The meaning of loss and adjustment to bereavement

Abstract
In this chapter we provide an overview of our program of research on how people cope with loss. Most of this research has focused on bereavement (see Wortman & Silver, 1987, 1989, 1990, for reviews), although we have studied other types of loss as well, including physical disability (Bulman & Wortman, 1977; Silver, 1982), criminal victimization (Coates, Wortman, & Abbey, 1979), and incest (Silver, Boon, & Stones, 1983). We have had a special interest in understanding the impact of sudden, irrevocable losses - that is, events that involve permanent change and over which one has little, if any, control. Such losses can challenge people's beliefs and assumptions about themselves and their world (Janoff-Bulman & Frieze, 1983; Wortman, 1983) and disrupt their hopes and dreams for the future (Silver & Wortman, 1980). Our goals in this work are to clarify the processes through which people try to come to terms with the inexplicable events in their lives (Tait & Silver, 1989) and to understand the theoretical mechanisms through which such events can have deleterious effects on subsequent health and functioning (Kessler, Price, & Wortman, 1985). We begin this chapter by tracing the development of theoretical ideas that we have employed in studying these events.
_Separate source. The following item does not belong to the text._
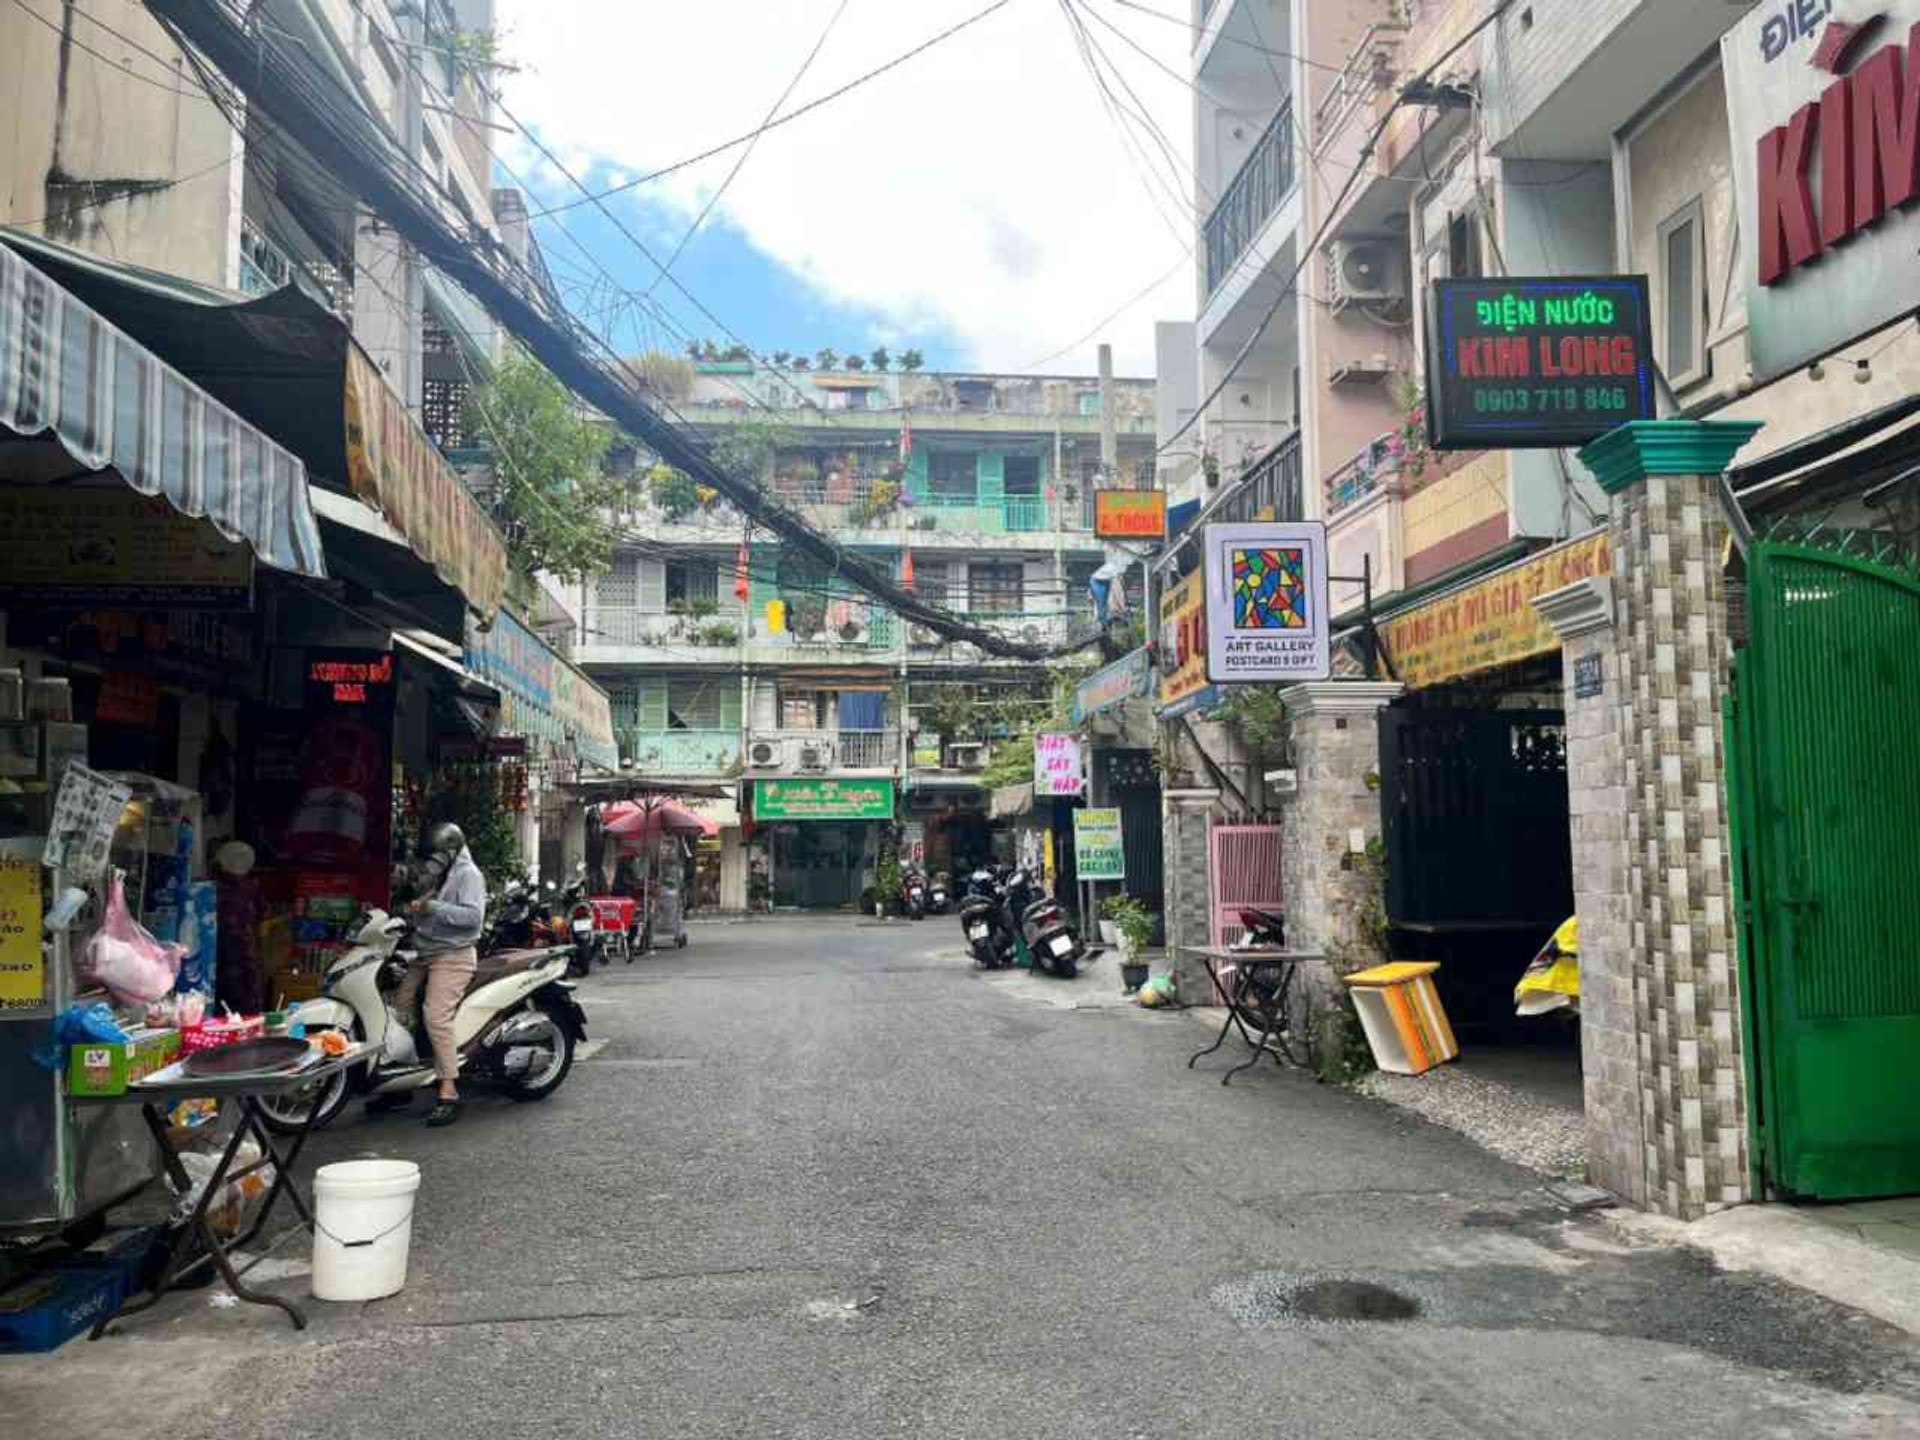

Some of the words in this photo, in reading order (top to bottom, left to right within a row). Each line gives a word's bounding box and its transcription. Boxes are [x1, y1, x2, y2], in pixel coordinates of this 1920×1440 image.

In developing a conceptual framework for this research, we drew from two very different theoretical approaches: (1) the so-called stage models of grief, which represent the most influential theoretical approaches to the study of grief and loss (e.g., Bowlby, 1961, 1973, 1980/1981), and (2) the stress and coping approach, which has been influential in the study of life events more generally (e.g., Kessler et al., 1985).